Task to carry out: Starting at the top line and ending at the last, restate the records exactly.

Free-text object descriptions:
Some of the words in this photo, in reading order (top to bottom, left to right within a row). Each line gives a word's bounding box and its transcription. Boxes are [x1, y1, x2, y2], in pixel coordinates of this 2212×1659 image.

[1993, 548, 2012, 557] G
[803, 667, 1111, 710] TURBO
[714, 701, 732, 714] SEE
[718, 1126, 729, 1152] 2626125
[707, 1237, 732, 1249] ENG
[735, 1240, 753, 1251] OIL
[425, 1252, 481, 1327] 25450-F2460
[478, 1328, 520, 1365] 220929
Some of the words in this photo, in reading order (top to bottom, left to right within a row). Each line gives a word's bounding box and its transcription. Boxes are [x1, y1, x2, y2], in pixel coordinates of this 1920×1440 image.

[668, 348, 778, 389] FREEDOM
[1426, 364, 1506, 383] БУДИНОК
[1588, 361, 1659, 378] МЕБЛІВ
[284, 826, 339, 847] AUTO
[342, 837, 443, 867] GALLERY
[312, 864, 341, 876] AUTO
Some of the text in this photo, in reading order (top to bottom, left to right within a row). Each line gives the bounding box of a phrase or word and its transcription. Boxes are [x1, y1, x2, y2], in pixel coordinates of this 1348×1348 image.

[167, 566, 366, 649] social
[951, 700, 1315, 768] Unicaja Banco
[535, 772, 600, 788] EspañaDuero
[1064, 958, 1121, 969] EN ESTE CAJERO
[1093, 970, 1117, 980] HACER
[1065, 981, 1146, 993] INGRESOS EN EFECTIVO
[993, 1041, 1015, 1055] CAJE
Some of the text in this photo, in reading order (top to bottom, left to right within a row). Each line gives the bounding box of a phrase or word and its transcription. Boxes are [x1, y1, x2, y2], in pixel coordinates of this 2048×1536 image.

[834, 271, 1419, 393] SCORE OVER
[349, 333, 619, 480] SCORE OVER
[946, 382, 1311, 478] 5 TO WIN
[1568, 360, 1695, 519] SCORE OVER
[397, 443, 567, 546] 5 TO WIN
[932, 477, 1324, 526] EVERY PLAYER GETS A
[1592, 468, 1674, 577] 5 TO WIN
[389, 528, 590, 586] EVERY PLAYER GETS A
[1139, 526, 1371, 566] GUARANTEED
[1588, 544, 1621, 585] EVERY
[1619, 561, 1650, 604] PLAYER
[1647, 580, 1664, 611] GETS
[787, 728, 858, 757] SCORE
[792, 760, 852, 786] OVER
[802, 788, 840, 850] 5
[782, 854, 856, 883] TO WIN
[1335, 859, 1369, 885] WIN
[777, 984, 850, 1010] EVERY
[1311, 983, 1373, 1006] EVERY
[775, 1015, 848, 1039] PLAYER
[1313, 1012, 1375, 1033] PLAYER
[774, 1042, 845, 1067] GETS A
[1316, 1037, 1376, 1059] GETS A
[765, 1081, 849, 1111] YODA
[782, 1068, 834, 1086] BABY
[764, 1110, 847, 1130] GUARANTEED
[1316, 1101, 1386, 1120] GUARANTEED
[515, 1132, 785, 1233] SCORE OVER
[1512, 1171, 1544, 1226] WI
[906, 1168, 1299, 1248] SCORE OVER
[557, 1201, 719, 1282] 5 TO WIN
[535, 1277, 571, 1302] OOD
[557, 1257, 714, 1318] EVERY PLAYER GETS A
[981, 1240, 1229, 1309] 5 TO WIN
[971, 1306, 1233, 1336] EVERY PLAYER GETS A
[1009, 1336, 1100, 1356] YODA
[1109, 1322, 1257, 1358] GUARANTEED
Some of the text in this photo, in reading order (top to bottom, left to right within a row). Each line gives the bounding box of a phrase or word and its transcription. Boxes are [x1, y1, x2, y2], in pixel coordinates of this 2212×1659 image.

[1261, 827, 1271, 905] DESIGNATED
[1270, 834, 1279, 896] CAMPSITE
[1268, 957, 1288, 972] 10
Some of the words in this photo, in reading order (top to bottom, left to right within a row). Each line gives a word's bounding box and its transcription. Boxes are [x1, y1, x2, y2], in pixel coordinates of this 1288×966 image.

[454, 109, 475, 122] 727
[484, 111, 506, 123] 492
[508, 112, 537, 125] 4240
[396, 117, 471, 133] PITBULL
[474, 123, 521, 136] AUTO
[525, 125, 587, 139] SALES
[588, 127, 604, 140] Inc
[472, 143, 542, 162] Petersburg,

Response:
Some of the words in this photo, in reading order (top to bottom, left to right within a row). Each line gives a word's bounding box and its transcription. Boxes are [x1, y1, x2, y2], in pixel coordinates of this 2212×1659 image.

[1993, 548, 2012, 557] G
[803, 667, 1111, 710] TURBO
[714, 701, 732, 714] SEE
[718, 1126, 729, 1152] 2626125
[707, 1237, 732, 1249] ENG
[735, 1240, 753, 1251] OIL
[425, 1252, 481, 1327] 25450-F2460
[478, 1328, 520, 1365] 220929
Some of the words in this photo, in reading order (top to bottom, left to right within a row). Each line gives a word's bounding box and its transcription. Boxes are [x1, y1, x2, y2], in pixel coordinates of this 1920×1440 image.

[668, 348, 778, 389] FREEDOM
[1426, 364, 1506, 383] БУДИНОК
[1588, 361, 1659, 378] МЕБЛІВ
[284, 826, 339, 847] AUTO
[342, 837, 443, 867] GALLERY
[312, 864, 341, 876] AUTO
Some of the text in this photo, in reading order (top to bottom, left to right within a row). Each line gives the bounding box of a phrase or word and its transcription. Boxes are [x1, y1, x2, y2], in pixel coordinates of this 1348×1348 image.

[167, 566, 366, 649] social
[951, 700, 1315, 768] Unicaja Banco
[535, 772, 600, 788] EspañaDuero
[1064, 958, 1121, 969] EN ESTE CAJERO
[1093, 970, 1117, 980] HACER
[1065, 981, 1146, 993] INGRESOS EN EFECTIVO
[993, 1041, 1015, 1055] CAJE
Some of the text in this photo, in reading order (top to bottom, left to right within a row). Each line gives the bounding box of a phrase or word and its transcription. Boxes are [x1, y1, x2, y2], in pixel coordinates of this 2048×1536 image.

[834, 271, 1419, 393] SCORE OVER
[349, 333, 619, 480] SCORE OVER
[946, 382, 1311, 478] 5 TO WIN
[1568, 360, 1695, 519] SCORE OVER
[397, 443, 567, 546] 5 TO WIN
[932, 477, 1324, 526] EVERY PLAYER GETS A
[1592, 468, 1674, 577] 5 TO WIN
[389, 528, 590, 586] EVERY PLAYER GETS A
[1139, 526, 1371, 566] GUARANTEED
[1588, 544, 1621, 585] EVERY
[1619, 561, 1650, 604] PLAYER
[1647, 580, 1664, 611] GETS
[787, 728, 858, 757] SCORE
[792, 760, 852, 786] OVER
[802, 788, 840, 850] 5
[782, 854, 856, 883] TO WIN
[1335, 859, 1369, 885] WIN
[777, 984, 850, 1010] EVERY
[1311, 983, 1373, 1006] EVERY
[775, 1015, 848, 1039] PLAYER
[1313, 1012, 1375, 1033] PLAYER
[774, 1042, 845, 1067] GETS A
[1316, 1037, 1376, 1059] GETS A
[765, 1081, 849, 1111] YODA
[782, 1068, 834, 1086] BABY
[764, 1110, 847, 1130] GUARANTEED
[1316, 1101, 1386, 1120] GUARANTEED
[515, 1132, 785, 1233] SCORE OVER
[1512, 1171, 1544, 1226] WI
[906, 1168, 1299, 1248] SCORE OVER
[557, 1201, 719, 1282] 5 TO WIN
[535, 1277, 571, 1302] OOD
[557, 1257, 714, 1318] EVERY PLAYER GETS A
[981, 1240, 1229, 1309] 5 TO WIN
[971, 1306, 1233, 1336] EVERY PLAYER GETS A
[1009, 1336, 1100, 1356] YODA
[1109, 1322, 1257, 1358] GUARANTEED
Some of the text in this photo, in reading order (top to bottom, left to right within a row). Each line gives the bounding box of a phrase or word and its transcription. Boxes are [x1, y1, x2, y2], in pixel coordinates of this 2212×1659 image.

[1261, 827, 1271, 905] DESIGNATED
[1270, 834, 1279, 896] CAMPSITE
[1268, 957, 1288, 972] 10
Some of the words in this photo, in reading order (top to bottom, left to right within a row). Each line gives a word's bounding box and its transcription. Boxes are [x1, y1, x2, y2], in pixel coordinates of this 1288×966 image.

[454, 109, 475, 122] 727
[484, 111, 506, 123] 492
[508, 112, 537, 125] 4240
[396, 117, 471, 133] PITBULL
[474, 123, 521, 136] AUTO
[525, 125, 587, 139] SALES
[588, 127, 604, 140] Inc
[472, 143, 542, 162] Petersburg,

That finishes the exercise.